** The problem **
Transcribe the records below in their entirety, and leave out each image.

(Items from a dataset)
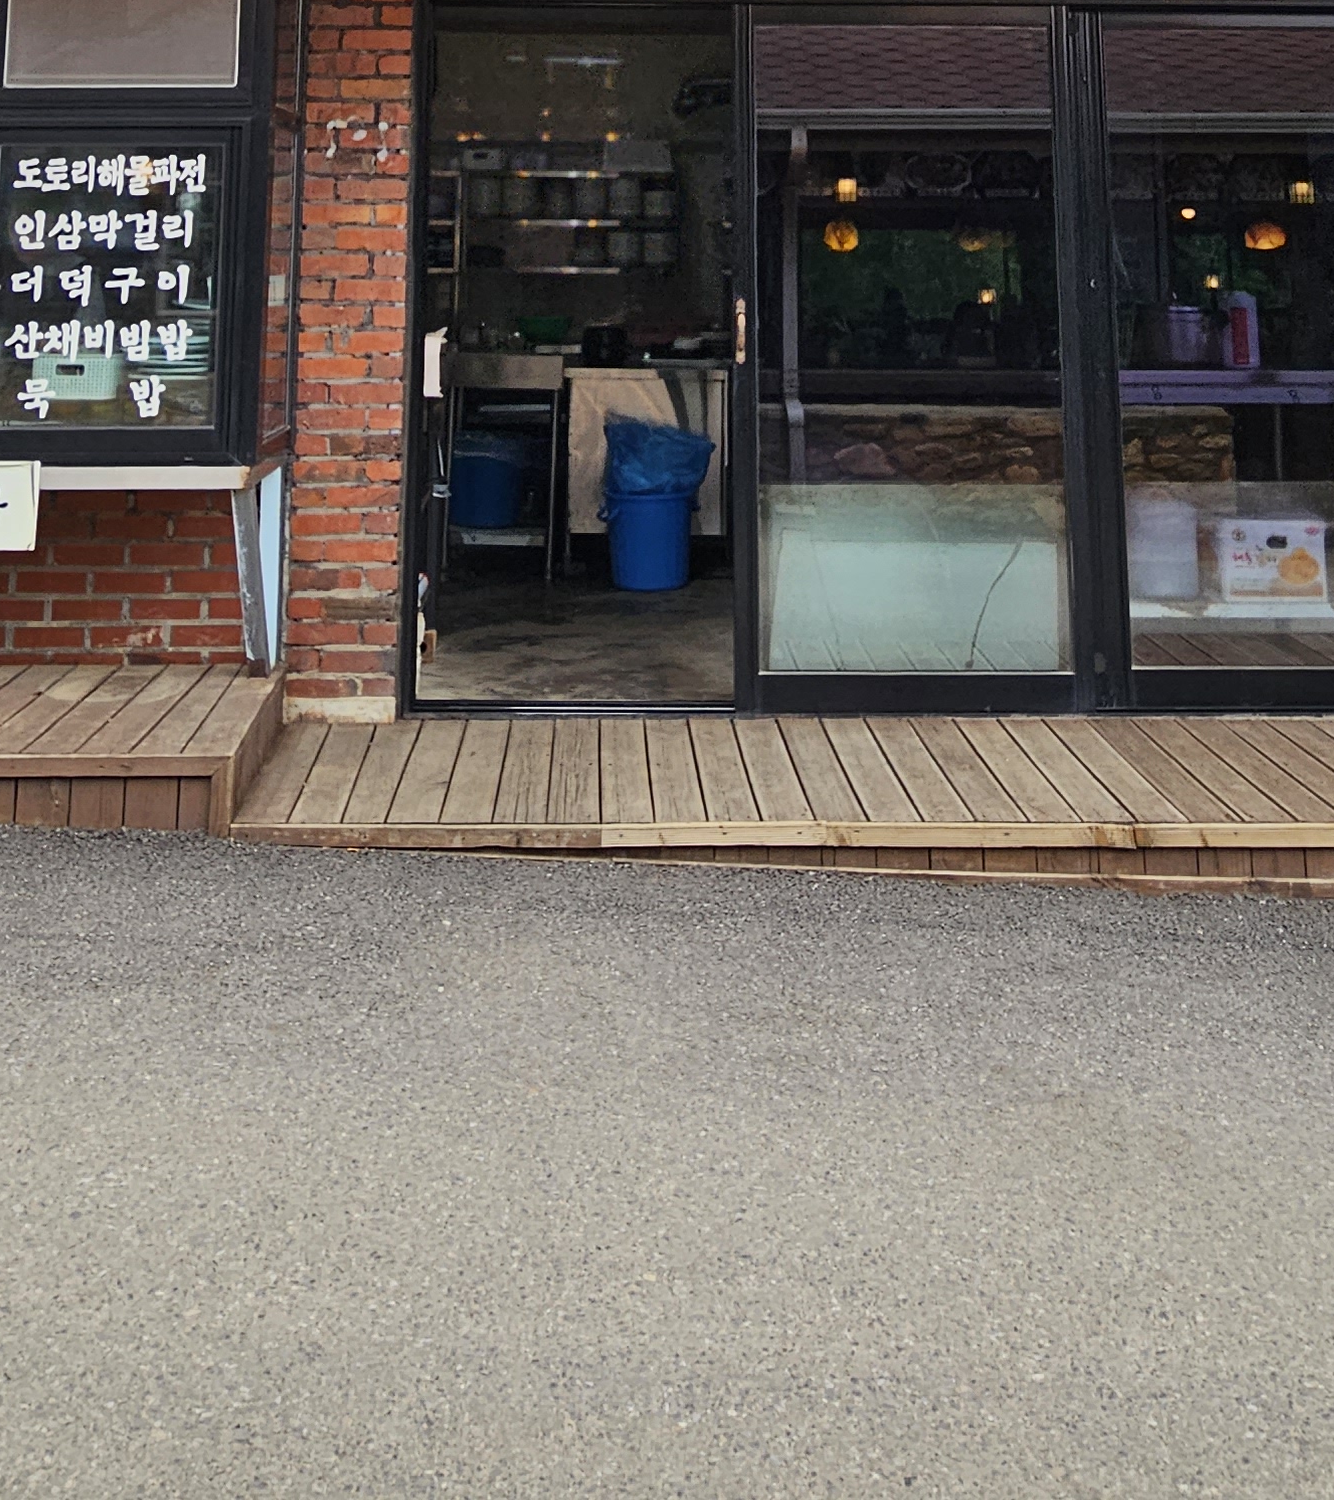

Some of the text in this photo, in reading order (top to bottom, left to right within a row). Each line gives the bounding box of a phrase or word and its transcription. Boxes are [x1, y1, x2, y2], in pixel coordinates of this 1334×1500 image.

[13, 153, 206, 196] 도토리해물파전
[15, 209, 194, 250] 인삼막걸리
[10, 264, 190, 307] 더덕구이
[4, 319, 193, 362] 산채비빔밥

** Task result **
Some of the text in this photo, in reading order (top to bottom, left to right within a row). Each line gives the bounding box of a phrase or word and its transcription. Boxes are [x1, y1, x2, y2], in pixel coordinates of this 1334×1500 image.

[13, 153, 206, 196] 도토리해물파전
[15, 209, 194, 250] 인삼막걸리
[10, 264, 190, 307] 더덕구이
[4, 319, 193, 362] 산채비빔밥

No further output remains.